O prazo para que o servidor público que atuou no ex-território de Rondônia faça jus ao direito de opção para inclusão no quadro em extinção da União está próximo do fim. A data limite para protocolo do pedido é 5 de julho de 2019. A possibilidade foi aberta com a publicação do Decreto nº 9.823, de 4 de junho de 2019, que estabeleceu prazo de 30 dias para a manifestação dos interessados.
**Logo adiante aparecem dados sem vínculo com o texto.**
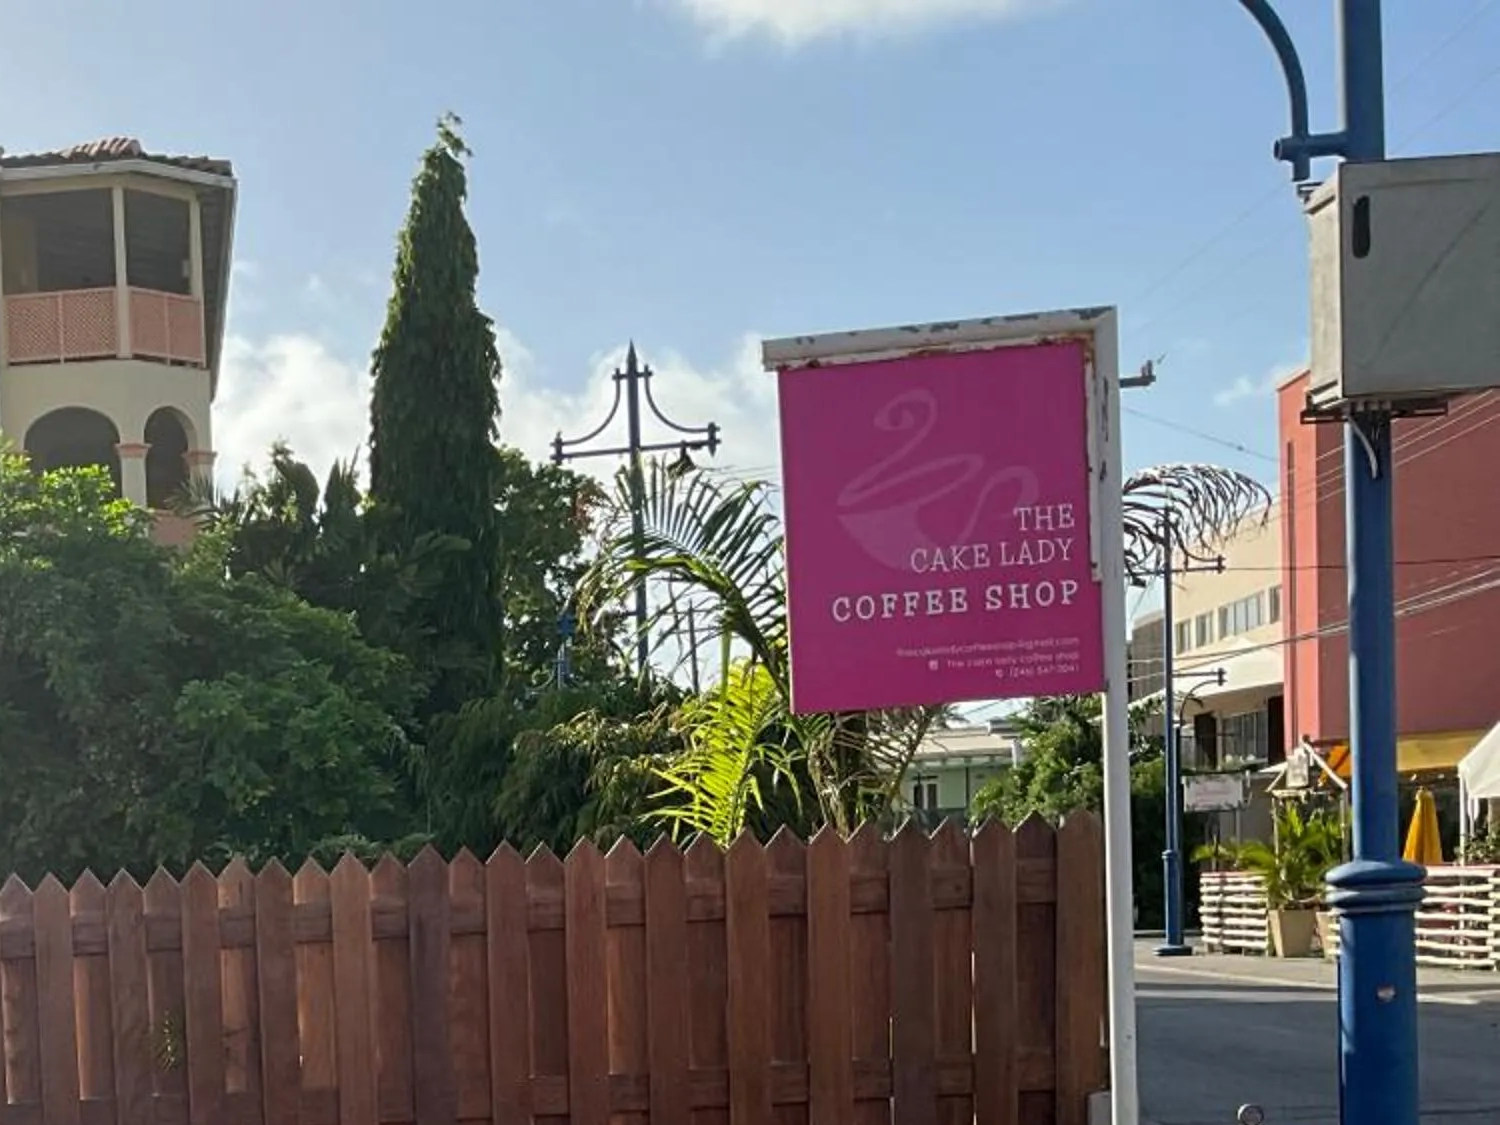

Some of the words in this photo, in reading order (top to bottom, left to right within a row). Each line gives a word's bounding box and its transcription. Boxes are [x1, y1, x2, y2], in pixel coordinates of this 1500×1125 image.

[1013, 503, 1076, 531] THE
[911, 543, 991, 573] CAKE
[1000, 537, 1075, 567] LADY
[832, 586, 968, 622] COFFEE
[985, 580, 1078, 610] SHOP
A medida é válida tanto para servidores da ativa quanto para aposentados e pensionistas, vinculados aos respectivos regimes próprios de previdência de Rondônia. Militares, inclusive os da reserva, também poderão pedir a incorporação. Os servidores que já realizaram a opção em situação anterior ficam dispensados de apresentação de novo requerimento. A comissão examinará apenas a regularidade da inclusão do optante no quadro da União.

Os requerimentos deverão ser protocolados na Divisão de Pessoal nos Ex-Territórios Federais do Amapá, Rondônia e Roraima do Departamento de Centralização de Serviços de Inativos e Pensionistas da Secretaria de Gestão e Desempenho de Pessoal da Secretaria Especial de Desburocratização, Gestão e Governo Digital do Ministério da Economia, no horário de atendimento ao público.

 

Transposição de ex-territórios

Desde 2015, conforme o Ministério da Economia, a comissão recebeu cerca de 72 mil processos de transposição de Rondônia, Amapá e Roraima. Todas as requisições foram referentes às Emendas Constitucionais nos 60/2009, 79/2014 e 98/2017.
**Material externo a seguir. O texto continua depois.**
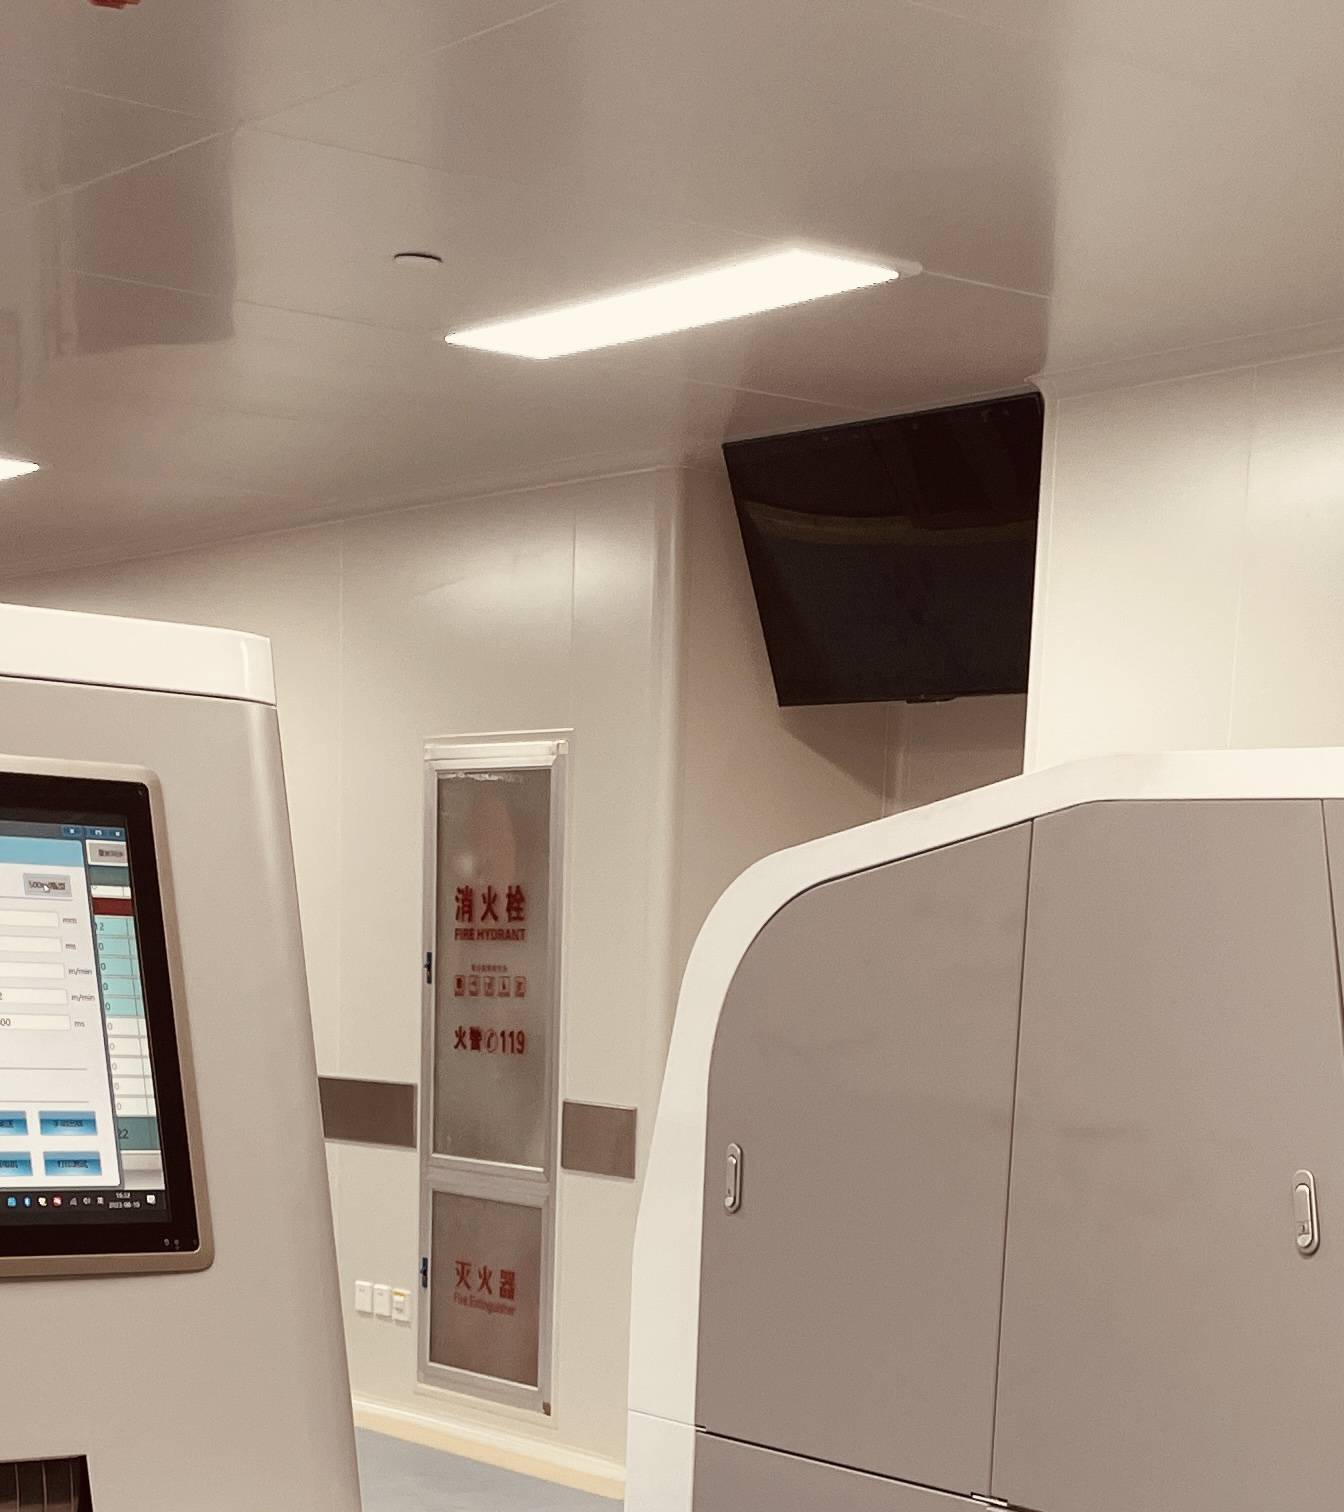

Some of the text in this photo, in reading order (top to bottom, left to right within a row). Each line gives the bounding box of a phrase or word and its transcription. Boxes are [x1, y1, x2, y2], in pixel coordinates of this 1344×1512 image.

[455, 885, 525, 922] 消火栓
[455, 928, 526, 941] FIRE HYDRANT
[454, 1025, 525, 1054] 火警 119
[455, 1260, 515, 1301] 灭火器
[455, 1292, 468, 1306] Fire
“No ano passado foi aberto um prazo para os servidores dos antigos territórios de Amapá e Roraima optarem, porém, na ocasião, Rondônia ficou de fora. Desta vez, superados os empecilhos eleitorais, os servidores do ex-território foram contemplados e poderão, caso julguem mais vantajoso, migrar para o quadro da União”, explica o advogado especialista e professor de Direito Jorge Ulisses Jacoby Fernandes.

 

Brasil não tem mais territórios

O Brasil, atualmente, é formado por 26 estados e o Distrito Federal, constituindo a Federação. Na estrutura do país, ainda há a previsão da existência de territórios, que possuem uma organização distinta dos estados, e que integram a União. Fernando de Noronha, em Pernambuco, foi um território, assim como Roraima, Amapá e Rondônia. Hoje em dia, porém, não há mais nenhum território no Brasil.
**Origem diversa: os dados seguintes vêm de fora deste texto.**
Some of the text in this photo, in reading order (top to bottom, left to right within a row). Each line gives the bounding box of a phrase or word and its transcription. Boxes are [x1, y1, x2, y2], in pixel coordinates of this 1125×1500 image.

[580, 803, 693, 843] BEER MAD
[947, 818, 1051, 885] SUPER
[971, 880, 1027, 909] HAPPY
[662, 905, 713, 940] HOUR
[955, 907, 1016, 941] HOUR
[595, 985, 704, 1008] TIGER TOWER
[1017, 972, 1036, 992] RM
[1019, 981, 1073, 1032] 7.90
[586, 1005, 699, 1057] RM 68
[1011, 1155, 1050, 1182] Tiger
“Antes de se tornarem estados ou de passarem a integrar outras unidades administrativas, estes territórios possuíam uma estrutura administrativa que lhes dava organicidade e executava as ações necessárias para a gestão pública. Com o fim dessas unidades federadas, os servidores ficaram em situação de instabilidade em relação ao vínculo funcional”, esclarece Jacoby Fernandes.